Une peur animale remonte des tripes, libère pisse et merde en même temps qu’elle la pousse en avant. La vielle rampe jusqu’à la petite fenêtre, à l’arrière du refuge. Elle se traîne au-travers, patauge dans la boue et les restes de brouillards. Un fossé la surprend. Elle dégringole, se relève, se traîne encore dans une direction inconnue puis une autre par à-coups brusques et nerveux. Enfin, elle s’immobilise, perdue.

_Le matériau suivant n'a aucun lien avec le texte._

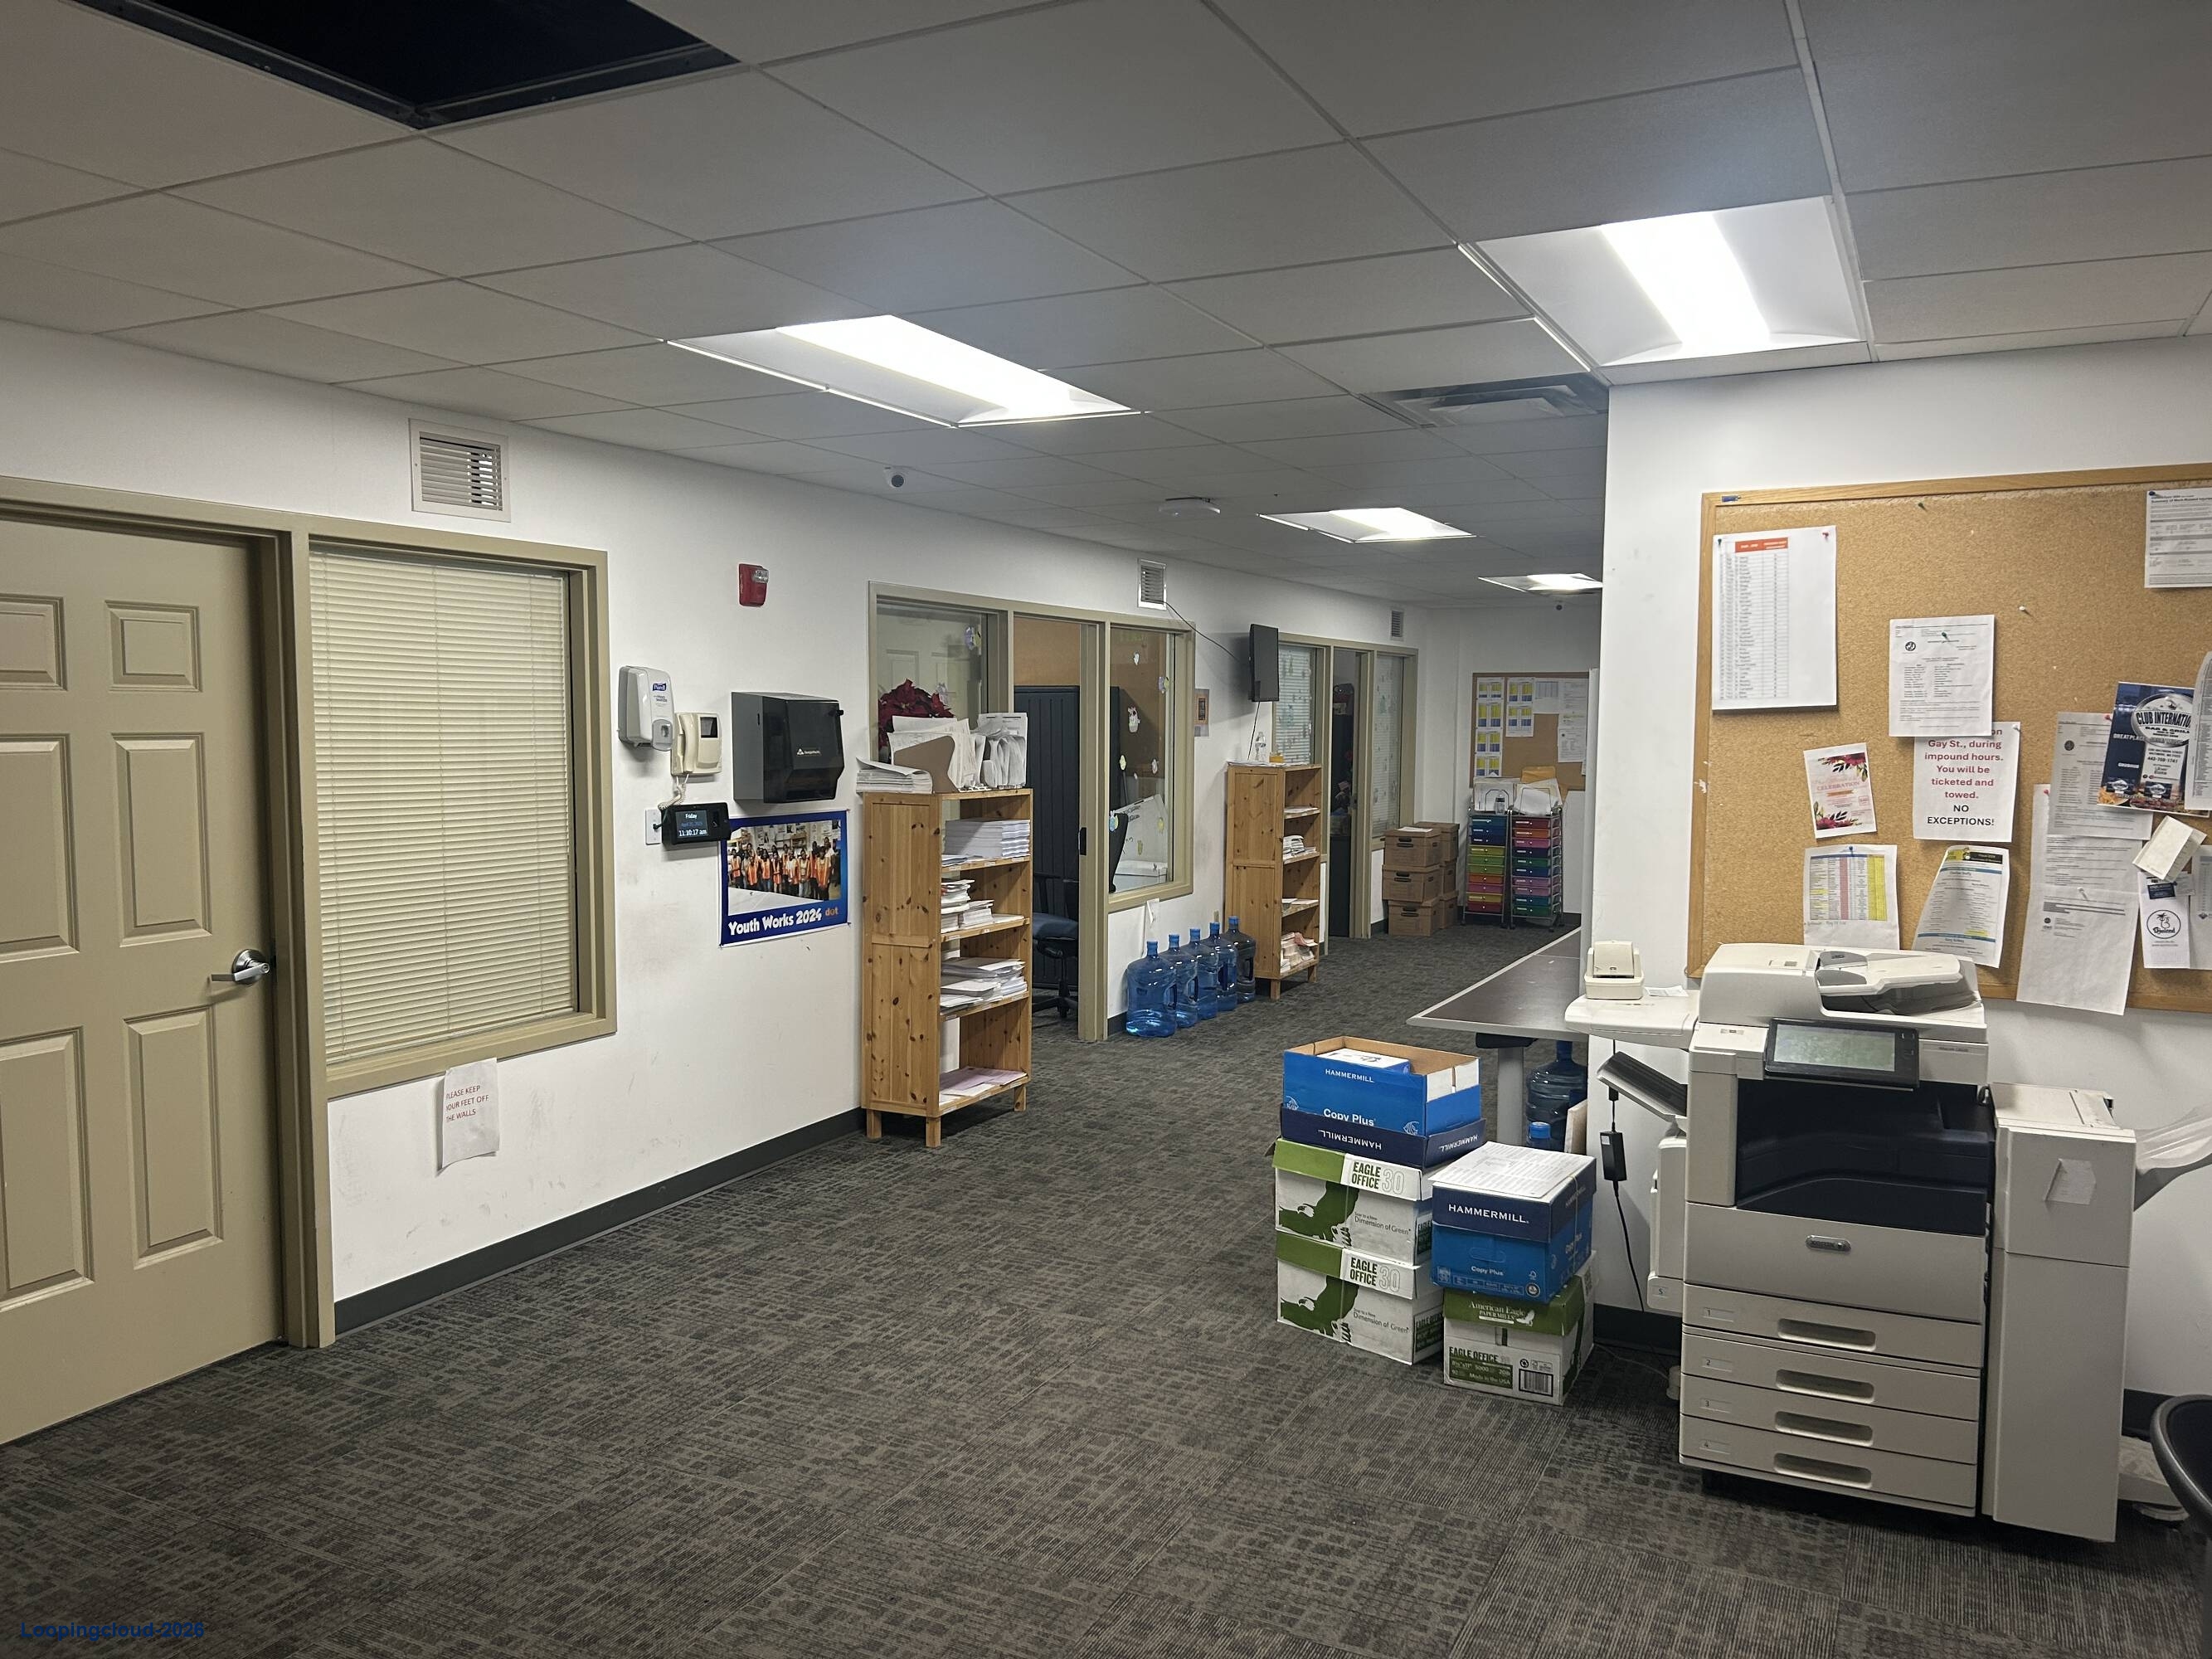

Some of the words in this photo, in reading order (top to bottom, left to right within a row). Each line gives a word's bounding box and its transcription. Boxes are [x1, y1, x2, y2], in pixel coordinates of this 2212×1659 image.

Si elle-même ne sait pas où elle est, la vague ne la trouvera pas. La vieille se ménage une illusion de confort, pelotonnée entre une pierre esseulée et la dépouille d’une poutre reconquise par les plantes. Il ne reste plus qu’à attendre. Ici, le temps passe plus lentement qu’autre part. Elle l’a remarqué. Il se joue d’elle pour mieux prétendre ensuite ne pas pouvoir répondre à sa requête. Elle l’a supplié de mille manières, elle lui a offert toutes ses possessions, tout son être, en vain. Son corps porte les marques de ses échecs. Le visage mou, le cou plissé, les seins plats, le ventre flasque, affaissé en son centre, la fente sèche, et les cuisses tavelées. Le temps ne s’est pas contenté d’ignorer ses suppliques, il l’a dépourvue d’une partie d’elle-même, l’a forcée à violenter son corps, à le repousser derrière crèmes et vêtements, à tenir, du bout des bras, sa seule demeure.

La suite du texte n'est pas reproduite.